Protein synthesis has its steps in order in a very highly sequenced manner inside each cell of the entire biological word, but there are small identities in each. However, there are seriously considerable differences between prokaryotic and eukaryotic protein synthesizing pathways, despite the end result is always a protein in both cases. The components of the two types of cells could be the main reason for those to be different from each other. However, the main steps of transcription, RNA processing, and Translation are the same in both prokaryotes and eukaryotes. A general account on protein synthesis is presented in this article followed by easy to digest discussions of main considerable differences between each other.

Protein Synthesis

Protein synthesis is a biological process that takes place inside the cells of organisms in three main steps known as Transcription, RNA processing, and Translation. In the transcription step, nucleotide sequence of the gene in the DNA strand is transcribed into RNA. This first step is highly similar to the DNA replication except the result is a strand on RNA in protein synthesis. The DNA strand being dismantled with DNA helicase enzyme, RNA polymerase is attached at the specific place of the start of the gene known as promoter, and RNA strand is synthesized along the gene. This newly formed RNA strand is known as the messenger RNA (mRNA).

The mRNA strand takes the nucleotide sequence to the ribosomes for the RNA processing. Specific tRNA (transfer RNA) molecules will recognize the relevant amino acids in the cytoplasm. After that, tRNA molecules are attached to the specific amino acids. In each tRNA molecule, there is a sequence of three nucleotides. A ribosome in the cytoplasm is attached to the mRNA strand, and the starting codon (the promoter) is identified. The tRNA molecules with the corresponding nucleotides for the mRNA sequence are moved into the large subunit of the ribosome. As the tRNA molecules come to the ribosome, the corresponding amino acid is bonded with the next amino acid in the sequence through a peptide bond. This last step is known as translation; indeed, this is where the actual protein synthesis takes place.

The shape of the protein is determined through the different types of amino acids in the chain, which were attached to tRNA molecules, but tRNA are specific to the mRNA sequence. Hence, it is clear that the protein molecules depict the information stored in the DNA molecule. However, protein synthesis could be initiated from an RNA strand, as well.

What is the difference between Protein Synthesis in Prokaryotic and Eukaryotic?

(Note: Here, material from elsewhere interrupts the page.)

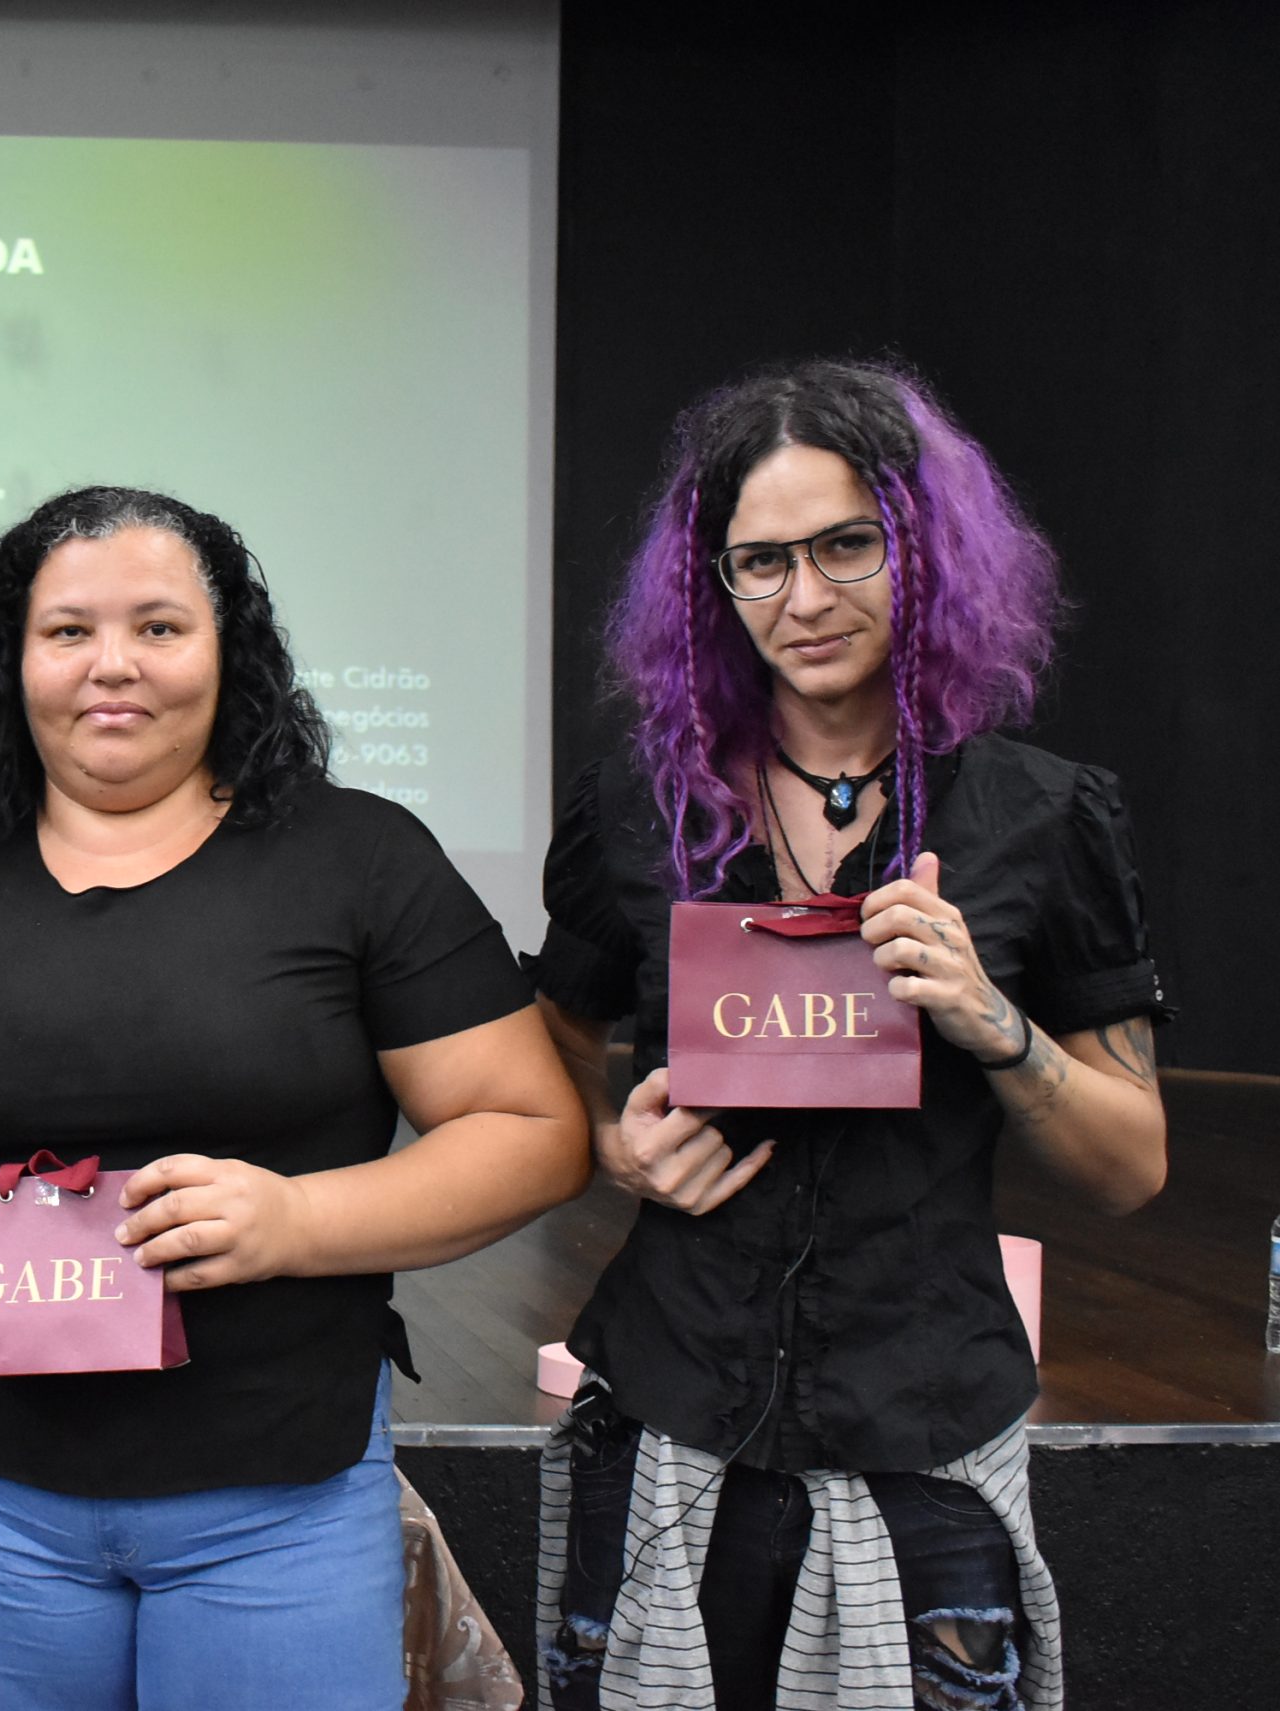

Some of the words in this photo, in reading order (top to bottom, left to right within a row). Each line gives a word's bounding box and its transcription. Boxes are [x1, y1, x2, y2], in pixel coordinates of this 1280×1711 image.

[343, 666, 430, 689] Cidrão
[322, 705, 430, 733] negócios
[712, 993, 879, 1038] GABE

• As the transcription step takes place, the ribosomes are capable of associating with the forming mRNA strand in prokaryotes as they do not have a nuclear envelope to enclose the nucleic acids. However, mRNA can associate with the ribosomes after the strand is moved out of the nucleus in eukaryotes.

• Therefore, it becomes clear that the translation step of the process has already been started before the transcription is complete in prokaryotes, whereas the two steps take place far apart in eukaryotes. In other words, RNA processing does not take place in prokaryotic synthesis, but it does in the eukaryotic process.

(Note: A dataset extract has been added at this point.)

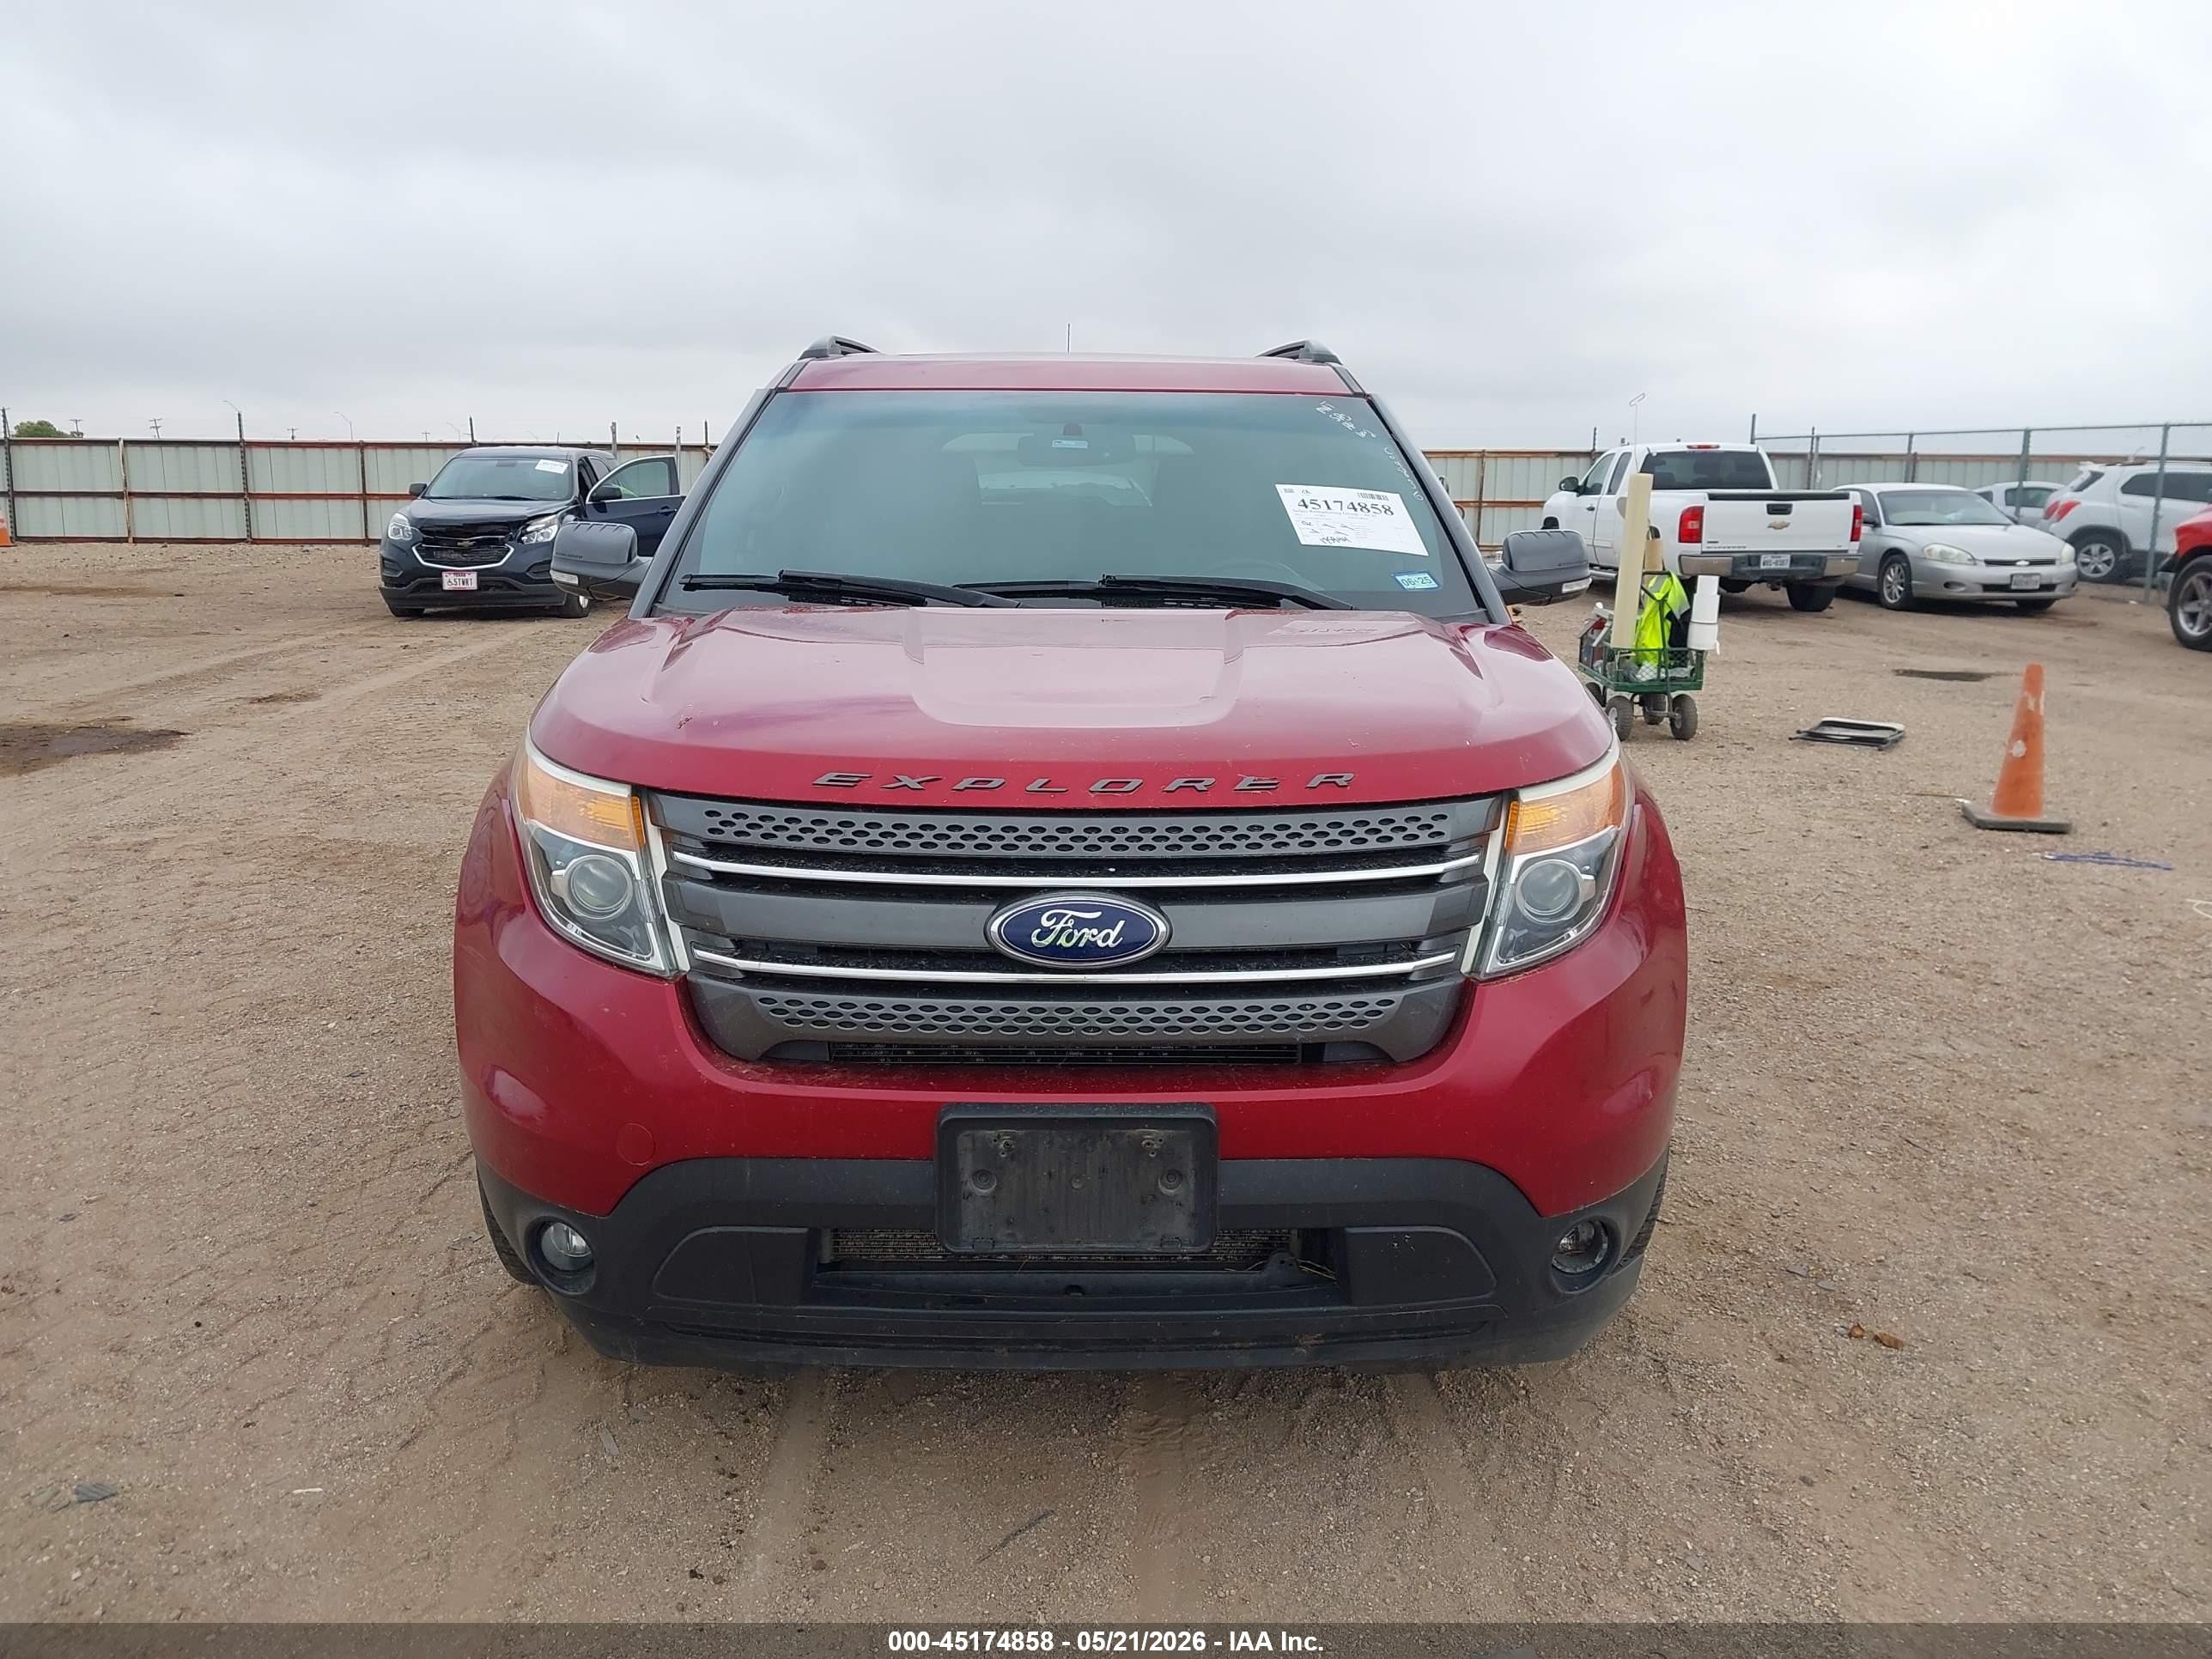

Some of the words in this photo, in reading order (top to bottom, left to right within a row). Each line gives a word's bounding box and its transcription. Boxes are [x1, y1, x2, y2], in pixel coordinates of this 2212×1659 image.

• Only one gene is expressed in one full process of protein synthesis in eukaryotes while there are often several genes expressed in bacterial (prokaryotic) protein synthesis from one mRNA strand. In other words, clustered genes (known as Operons) can be expressed by prokaryotes but not the eukaryotes could.

• There are non-coding DNA sequences in eukaryotic nucleic acids known as Introns but not in prokaryotes. The mRNA in eukaryotes removes the introns from its strand before leaving the nucleus, which is in contrast with the simple formation of mRNA strand in prokaryotes.